Task instructions: Every entry should be reproduced precisely, with each picture left out.

* * *

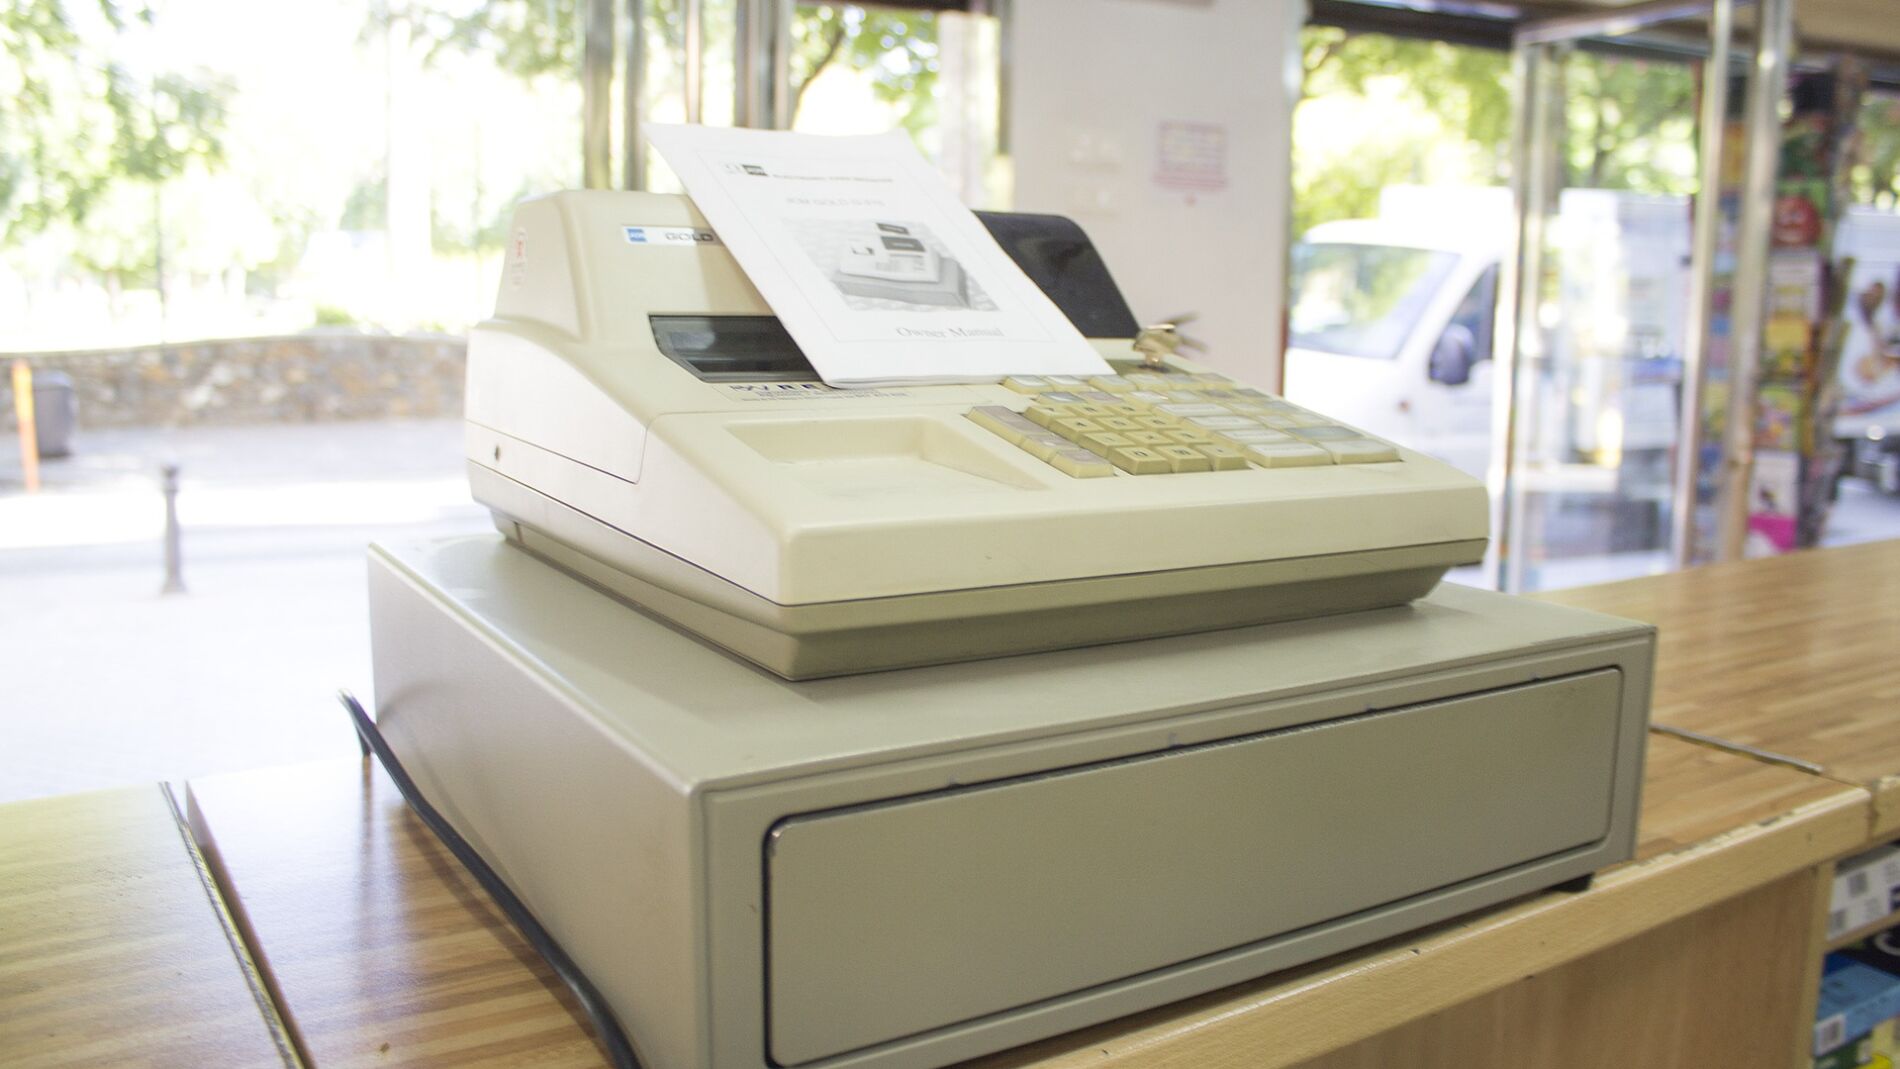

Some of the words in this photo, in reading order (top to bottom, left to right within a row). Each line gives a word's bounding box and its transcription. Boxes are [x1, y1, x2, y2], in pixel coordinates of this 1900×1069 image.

[664, 232, 714, 242] GOLD
[895, 326, 946, 338] Owner
[948, 326, 1006, 338] Manual
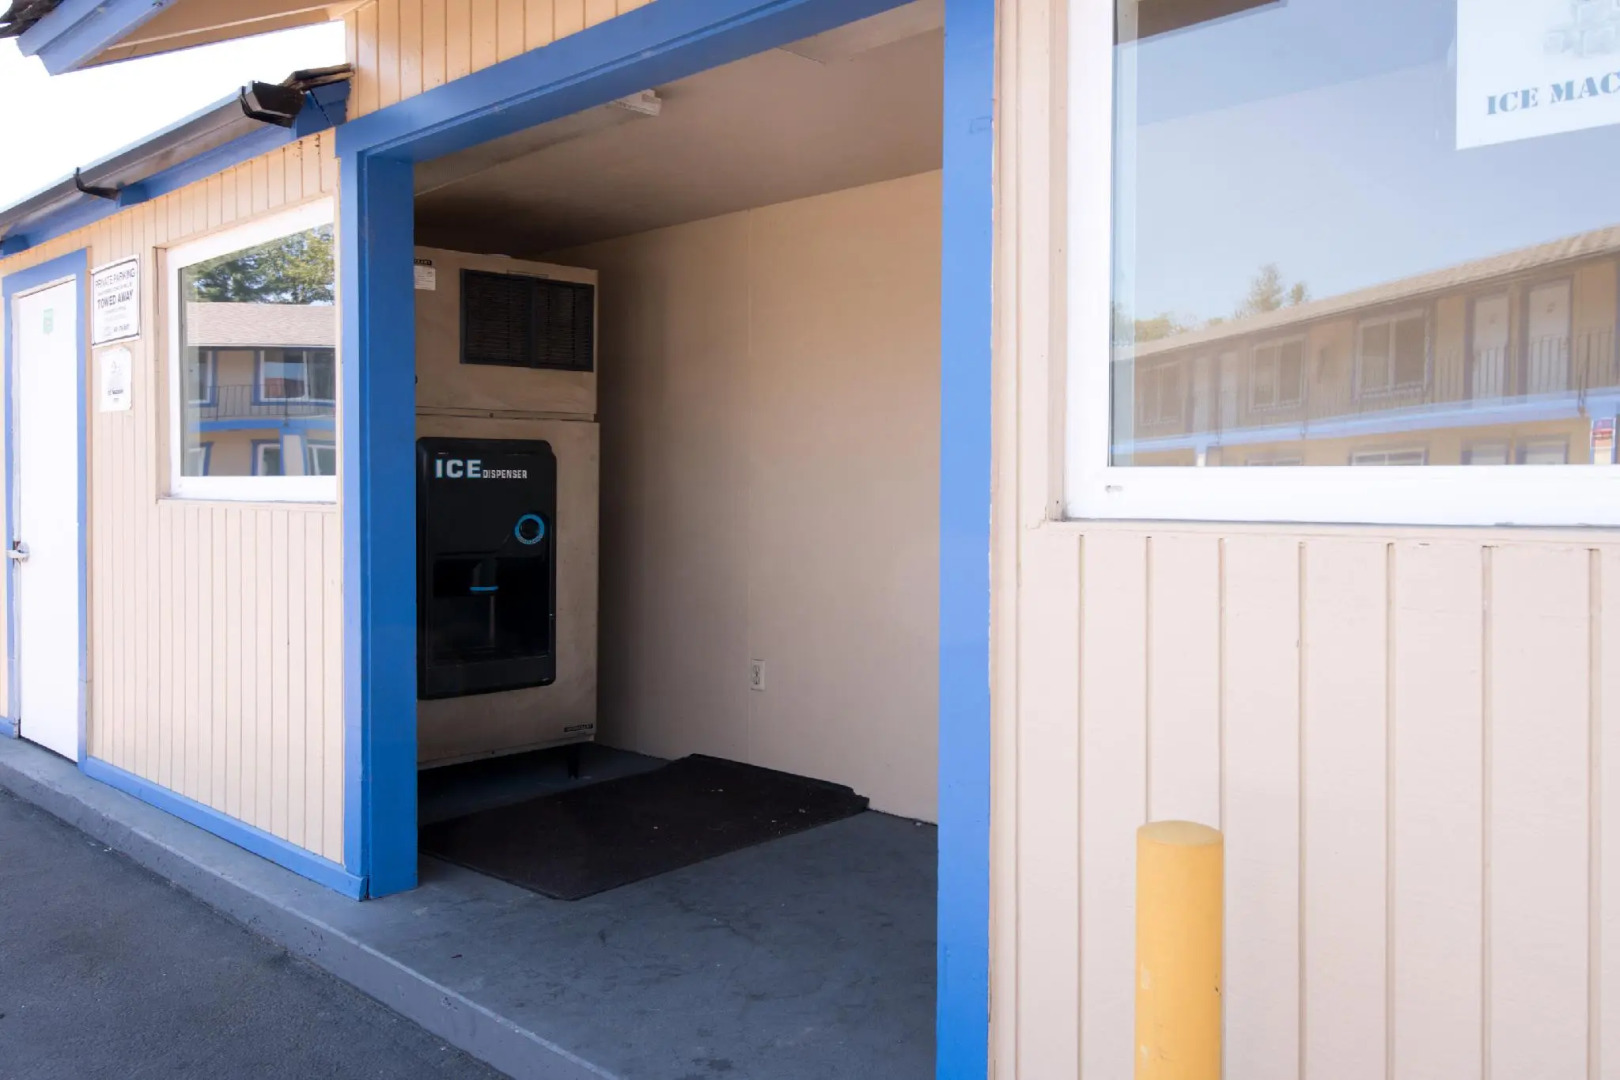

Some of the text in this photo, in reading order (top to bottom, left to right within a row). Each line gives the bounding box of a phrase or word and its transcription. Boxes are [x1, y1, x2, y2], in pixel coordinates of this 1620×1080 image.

[1487, 71, 1620, 115] ICE MAC
[95, 267, 135, 288] PRIVATE PARKING
[97, 295, 116, 309] TOWED
[117, 289, 134, 303] AWAY
[435, 459, 528, 479] ICE DISPENSER

* * *

Reply to the task:
Some of the words in this photo, in reading order (top to bottom, left to right within a row). Each line gives a word's bounding box and its transcription. Boxes are [x1, y1, x2, y2], in pixel coordinates of this 1900×1069 image.

[664, 232, 714, 242] GOLD
[895, 326, 946, 338] Owner
[948, 326, 1006, 338] Manual

Some of the text in this photo, in reading order (top to bottom, left to right within a row). Each line gives the bounding box of a phrase or word and its transcription. Boxes are [x1, y1, x2, y2], in pixel coordinates of this 1620×1080 image.

[1487, 71, 1620, 115] ICE MAC
[95, 267, 135, 288] PRIVATE PARKING
[97, 295, 116, 309] TOWED
[117, 289, 134, 303] AWAY
[435, 459, 528, 479] ICE DISPENSER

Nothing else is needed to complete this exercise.